According to Insight Beating monitoring, the Perplexity research team has published a technical article, disclosing the post-training process of its web search agent. The process is based on the open-source models Qwen3.5-122B-A10B and Qwen3.5-397B-A17B, employing a two-stage approach: first, using supervised fine-tuning (SFT) to establish essential deployment behaviors such as instruction following and language consistency, and then using online policy reinforcement learning (RL) to optimize search accuracy and tool usage efficiency.

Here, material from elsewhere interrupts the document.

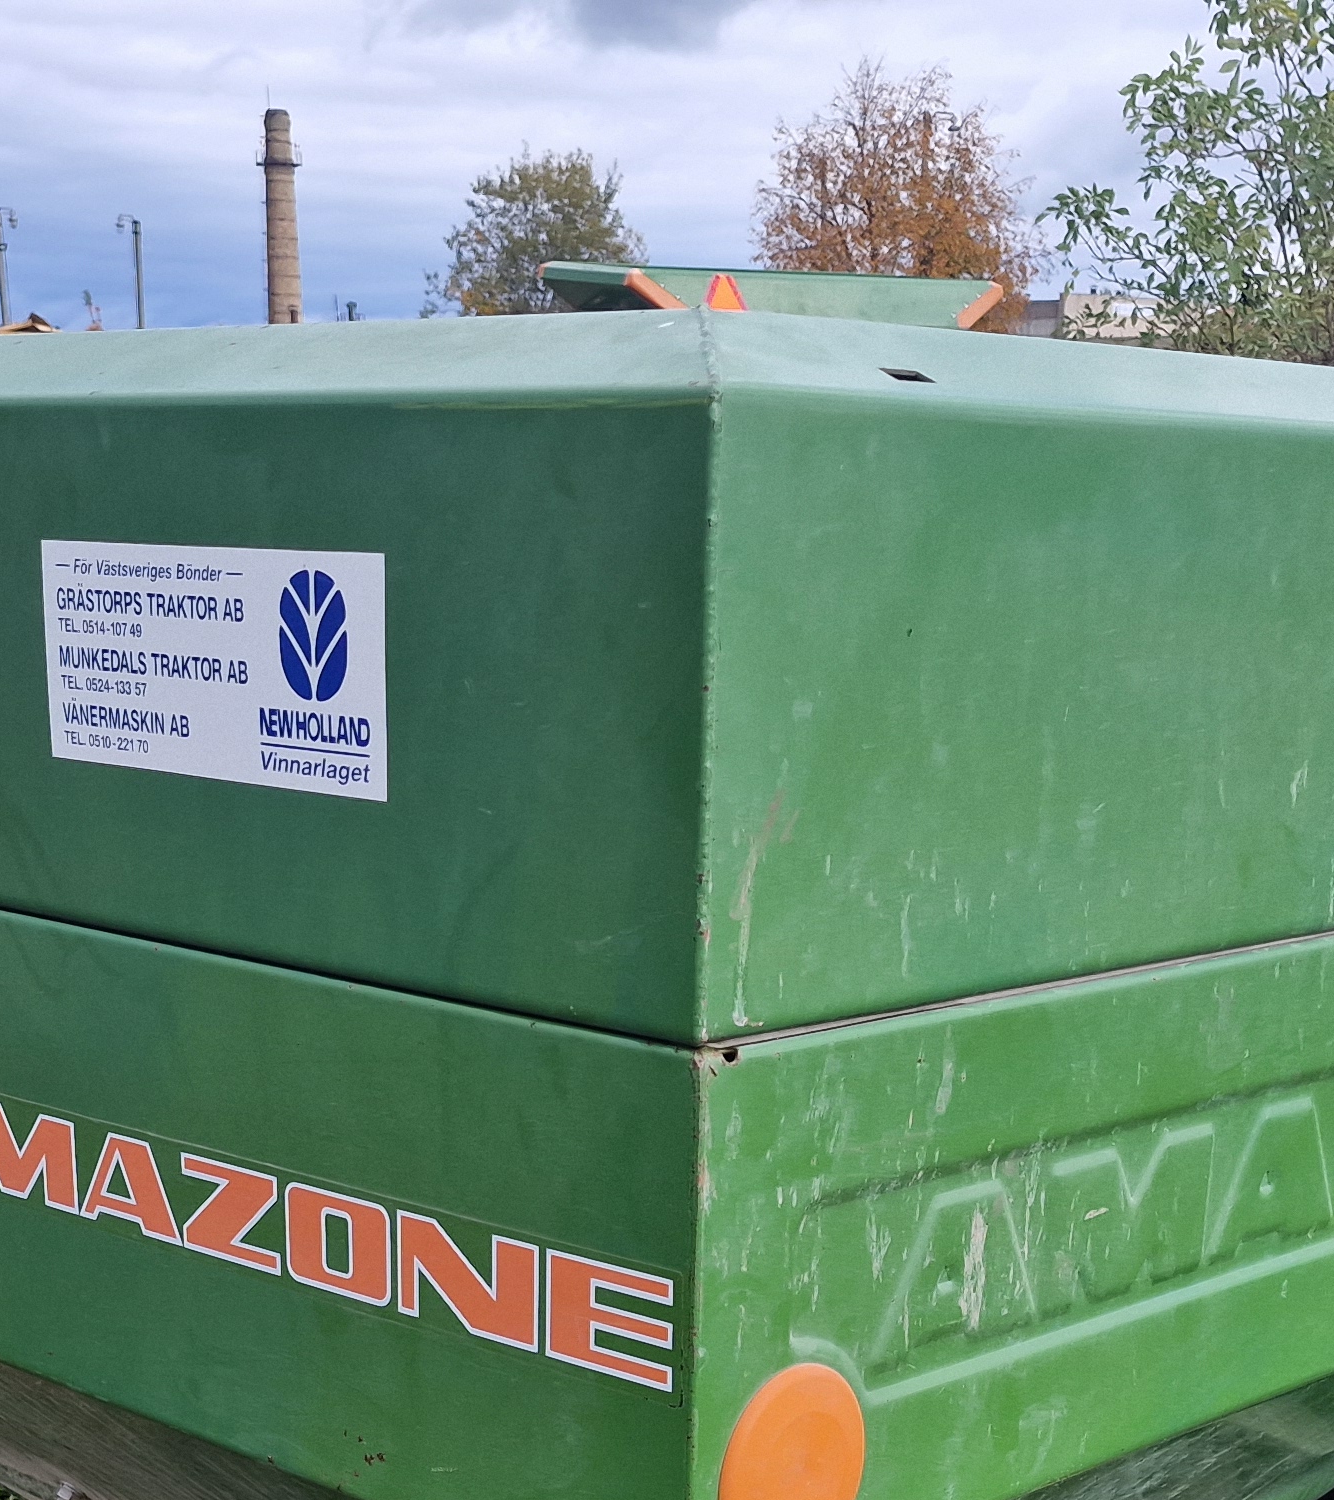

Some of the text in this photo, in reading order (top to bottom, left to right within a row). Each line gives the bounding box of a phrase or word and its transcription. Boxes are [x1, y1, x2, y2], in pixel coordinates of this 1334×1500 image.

During the RL stage, the GRPO algorithm is used, and the training data consists of two parts: first, a self-developed synthetic multi-hop verifiable question-answering dataset, starting from internal seed queries, constructing questions requiring 2 to 4 hops of reasoning through entity chaining, and validated for answer uniqueness by multiple independent solvers; second, a general dialogue dataset based on rubric criteria, transforming deployment requirements such as instruction following and format constraints into objectively verifiable atomic conditions used at the RL stage to prevent behavioral degradation established by SFT.
The core of the reward design is gate aggregation: only when the baseline is correct (question-answering is accurate or all rubric criteria are met), preference scores are involved in the calculation to prevent high-preference signals from masking factual errors. Efficiency penalties are applied through intra-group anchoring, with same-group correct answers as the benchmark, imposing smooth penalties on excessive tool calls and generation lengths.
Evaluation shows that the post-trained Qwen3.5-397B-SFT-RL performs best on multiple search benchmarks. On FRAMES, a single tool invocation achieves 57.3%, which is 5.7 percentage points higher than GPT-5.4 and 4.7 points higher than Sonnet 4.6. Under a moderate budget (4 tool invocations), it reaches 73.9%, with a cost of 2.0 cents per query; under the same conditions, GPT-5.4 achieves 67.8% at 8.5 cents, and Sonnet 4.6 achieves 62.4% at 15.3 cents. Cost data is calculated based on each vendor's publicly available API pricing and does not include cache optimization.